I have pipeline anxiety. Over the last few years we have always had the next church-planting team for the Middle East queued up, in the development pipeline, in process. God has spoken to us prophetically about the queuing of planes landing at a busy airport; as one is landing, you can see the next one lining up and the next one after that on the horizon. And that is how we’ve tried to work.
See, recruiting, training and sending teams from the West cross-culturally often requires a 4-year timeline from conception to launch. A team leader might ‘make their decision’ two years before relocating, and team members one year before. Then after landing, we are looking at two years or 3,000 hours language-and-culture immersion. So, in this model, four years before the work of church planting can begin. That’s why you always need a few in the pipeline.
We must keep church planting in the Middle East as our highest priority. Because the work of evangelism and foundation-laying and local-believing-community formation is the locus for all the other things that matter. Without church planting, we can’t do these other things.
Church planting is the locus for contextualization
All the experimental, creative work of crafting and shaping and tweaking contextual approaches to mission happens through church planting to reach new places. Contextualization never lives in the abstract, or in ivory towers. It is a boots-on-the-ground reality of the grace of God encountering a new context and finding fresh expression. Contextualization needs church planting, and church plants need to contextualize.
Church planting is the locus for local leadership development
Everyone agrees that when we are reaching a new nation, we long to see local shepherds emerge. But leadership development cannot be done in a vacuum, in isolation from the nitty-gritty of local church life. Leadership development needs church planting, and church plants develop leaders.
Church planting is the locus for theological development
We are enjoying good momentum in understanding the Bible in its Middle Eastern context, in exploring Honour and Shame, in taking Middle Eastern theologies seriously.
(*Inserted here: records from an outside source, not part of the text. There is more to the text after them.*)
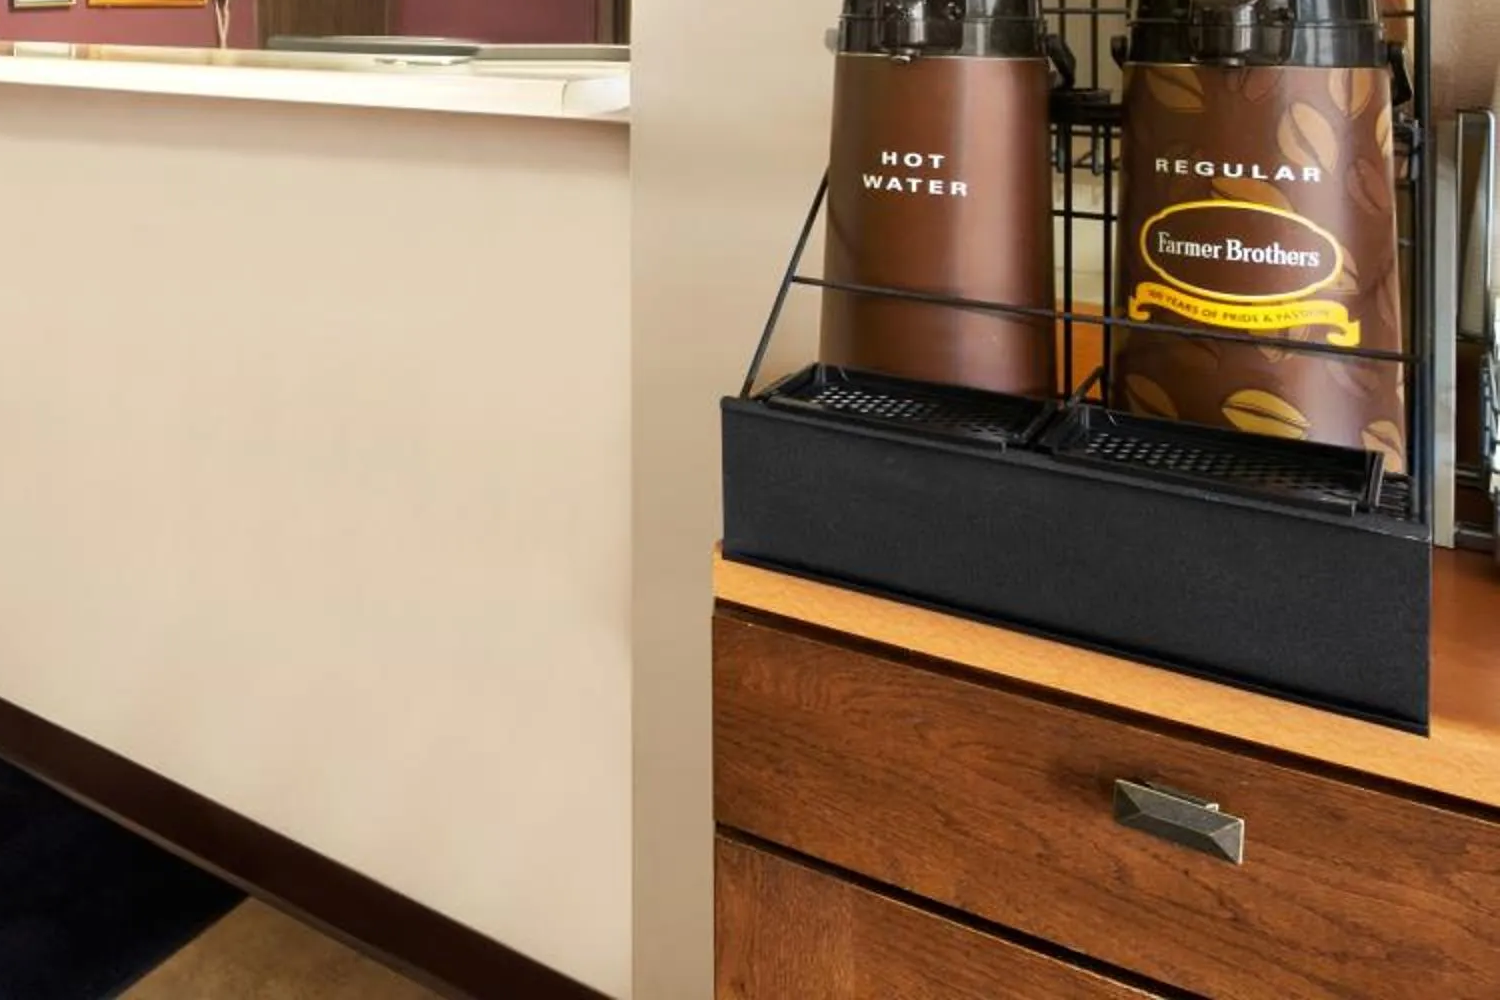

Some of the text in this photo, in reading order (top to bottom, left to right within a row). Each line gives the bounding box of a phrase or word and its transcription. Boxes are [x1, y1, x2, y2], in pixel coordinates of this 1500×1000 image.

[881, 151, 946, 169] HOT
[1155, 157, 1322, 183] REGULAR
[863, 173, 969, 198] WATER
[1156, 230, 1321, 268] Farmer Brothers
[1166, 295, 1199, 315] YEARS
[1201, 308, 1218, 318] OF
[1222, 310, 1259, 323] PRIDE
But only because we are planting churches in new places. Theology arises from the questions you are asking, and in every new context we face new questions. Reciprocally, any theology without a grounded pastoral application is no use, too theoretical. So, church planting is the R&D department of theological development, and you can’t plant churches without theologizing in context.
Church planting is the locus for refugee ministry
One of the realities all over our part of the world today is care for refugees. Wherever you are working in the Middle East, you will touch the lives of refugees, whether first- or second-generation. Syrian, Iraqi, Iranian, Palestinian, Yemeni. I despair of people ever understanding that the parachuted-in, Western NGO, reactive model is inappropriate and unsustainable culturally, financially and politically. Planting local churches which care and serve refugees at the grassroots really ought to be a priority. We must serve refugee communities by planting churches, and church planting must touch the lives of refugees.
We value all four imperatives: contextualization, local leadership development, theological development and refugee ministry. But they must never distract us from the primacy of planting local communities of Christ followers all over the Middle East and Central Asia. Let’s keep planting churches… to win some!